La Asamblea Legislativa de Santa Fe resolvió este jueves destituir de manera definitiva a Diego Gustavo Rodríguez y Barros de su cargo como fiscal adjunto del Ministerio Público de la Acusación (MPA). En una sesión conjunta de ambas cámaras y tras aprobar de forma unánime el dictamen emitido por la Comisión de Acuerdos, el Poder Legislativo puso fin a la permanencia del funcionario en el organismo judicial.

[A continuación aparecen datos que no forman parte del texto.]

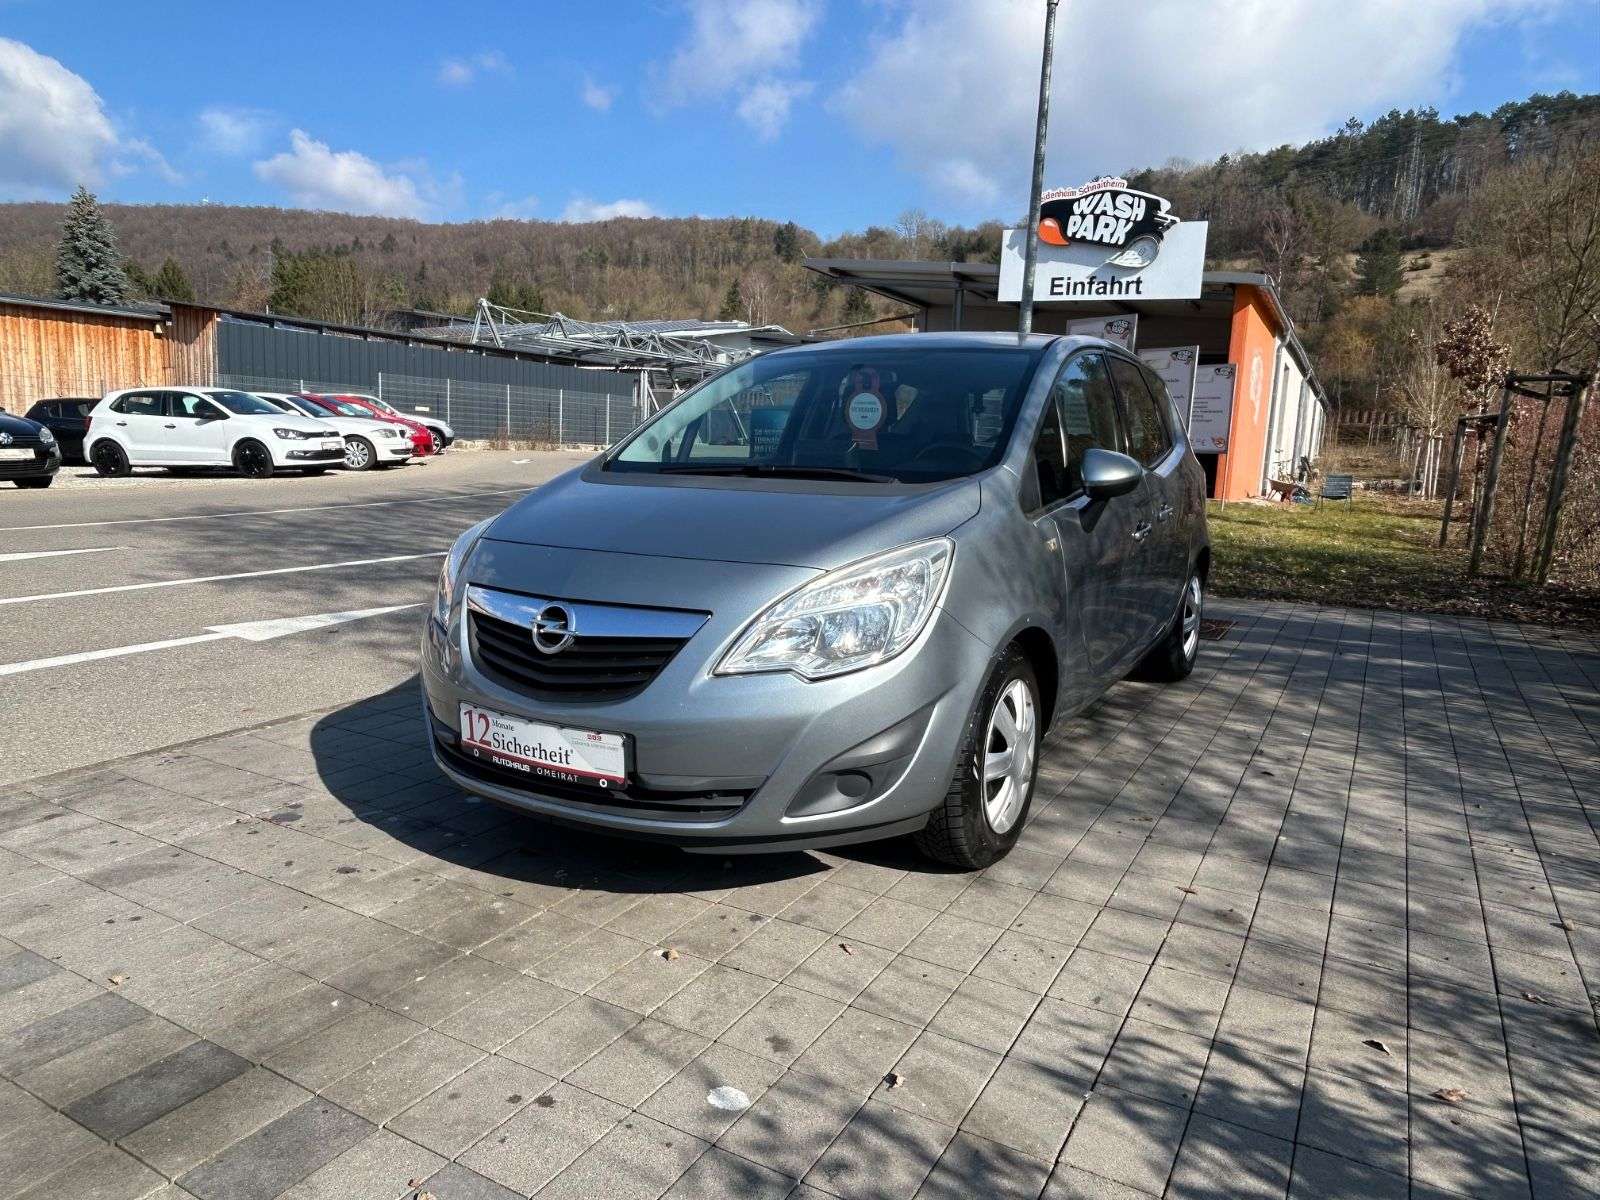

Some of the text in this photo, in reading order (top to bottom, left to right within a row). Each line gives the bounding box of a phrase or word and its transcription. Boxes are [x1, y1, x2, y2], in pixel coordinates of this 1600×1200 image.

[1079, 178, 1125, 196] Schnaitheim
[1072, 192, 1147, 222] WASH
[1066, 215, 1134, 245] PARK
[1050, 276, 1143, 296] Einfahrt
[464, 709, 492, 748] 12
[492, 719, 515, 732] Monate
[492, 756, 579, 783] AUTOHAUS OMEIRAT

El dictamen, informado por el senador Joaquín Gramajo y sustentado en la acusación llevada adelante por el diputado Marcos Corach, detalló un entramado de faltas graves que derivaron en la pérdida de la idoneidad ética requerida para ejercer la función pública. Rodríguez y Barros, quien ya se encontraba suspendido preventivamente desde julio del año pasado, sumaba en su contra denuncias por presunta estafa a una compañía aseguradora, uso indebido de los sistemas informáticos confidenciales de la Justicia, hostigamiento laboral y violencia de género dentro de la Unidad Fiscal de San Jorge.
La investigación disciplinaria se desencadenó a partir de una denuncia presentada por una empresa aseguradora, luego de que el ex fiscal simulara el robo de dos ruedas de su vehículo personal para cobrar la indemnización, cuando en realidad se había tratado de un daño accidental previamente comentado a empleados del propio Ministerio Público. A este hecho se sumó el ingreso no autorizado al sistema judicial Heimdall para intervenir de forma directa en un legajo a cargo de otro funcionario, actuando como acusador en una causa en la que mantenía un interés particular.
La resolución aprobada por senadores y diputados concluyó que las conductas del encartado no solo constituyeron faltas individuales, sino que afectaron gravemente el funcionamiento institucional y el principio de objetividad que rige al MPA. La votación no registró votos en contra, computándose únicamente cuatro abstenciones por razones de excusación formal.